Job interviews can be nerve-wracking, but like most things in life, showing up prepared makes a huge difference. “Prepared” includes knowing what questions to ask in a job interview – not just getting ready to field your interviewer’s questions to you.
While yes, the company is interviewing you and you should be prepared to answer some common interview questions, you’re also interviewing them. You want to make sure the job is a fit for you, after all. Plus, asking questions shows you’re engaged and interested – which hiring managers are looking for.
The best questions to ask in a job interview can vary by the level you’re at in your career path, but for the most part, you really can’t ask too many questions, says Mandi Woodruff-Santos, a career and wealth-building expert in the New York City area and co-host of the Brown Ambition podcast. (Within reason, of course – so making sure the questions weren’t already answered during the interview, that you don’t blow way past the allotted interview time, all of those good things.)

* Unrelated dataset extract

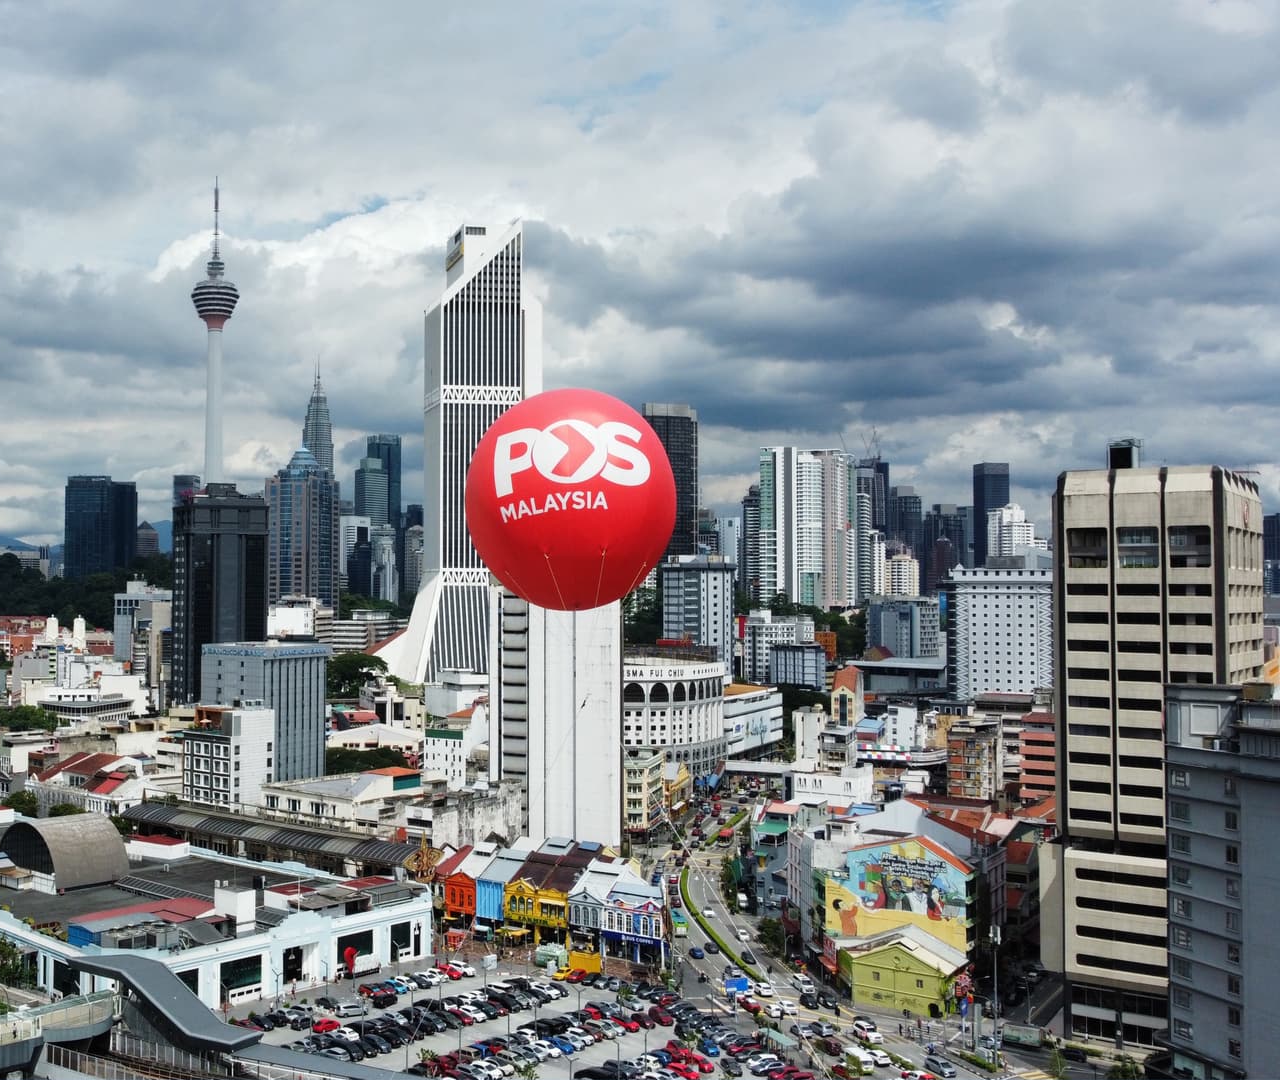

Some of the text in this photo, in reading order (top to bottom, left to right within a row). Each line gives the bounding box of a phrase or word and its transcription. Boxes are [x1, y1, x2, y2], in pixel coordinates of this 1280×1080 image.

“The interview process is kind of like a first date, and as long as you ask questions in a respectful manner, I really don’t think you’ll lose any points,” says Woodruff-Santos. “For me, what hurts more is when people don’t ask enough questions.” A perceived lack of interest can make a hiring manager think you’re not serious about the job, or that you’re just trying to get a competing offer to use as leverage at your current job. Neither is likely to get you hired.
Showing up prepared with some relevant interview questions is a simple and worthwhile tactic to help you nail down the best job opportunity for yourself. Read on for some of the most important questions to ask in a job interview on your hunt for your next role.
1. What sort of career growth opportunities do you see for someone in this role?
According to Woodruff-Santos, this question is important to ask in order to ensure you don’t end up in a stagnant role, especially if you see yourself wanting to grow both within the company and in your industry.
“Transparency is really important and telling people exactly what’s expected for them to get to the next level helps with retention,” she says. “You can tell them, ‘I’m really excited to join your company at this level and can see myself staying here for several years, but what sort of career opportunities do you see for someone in my role?’”
You should also ask why a position is open to find out if someone got promoted or even resigned, says Vicki Salemi, a career expert and former corporate recruiter based in the New York City area. This can give you some insight into whether your role has room for upward mobility.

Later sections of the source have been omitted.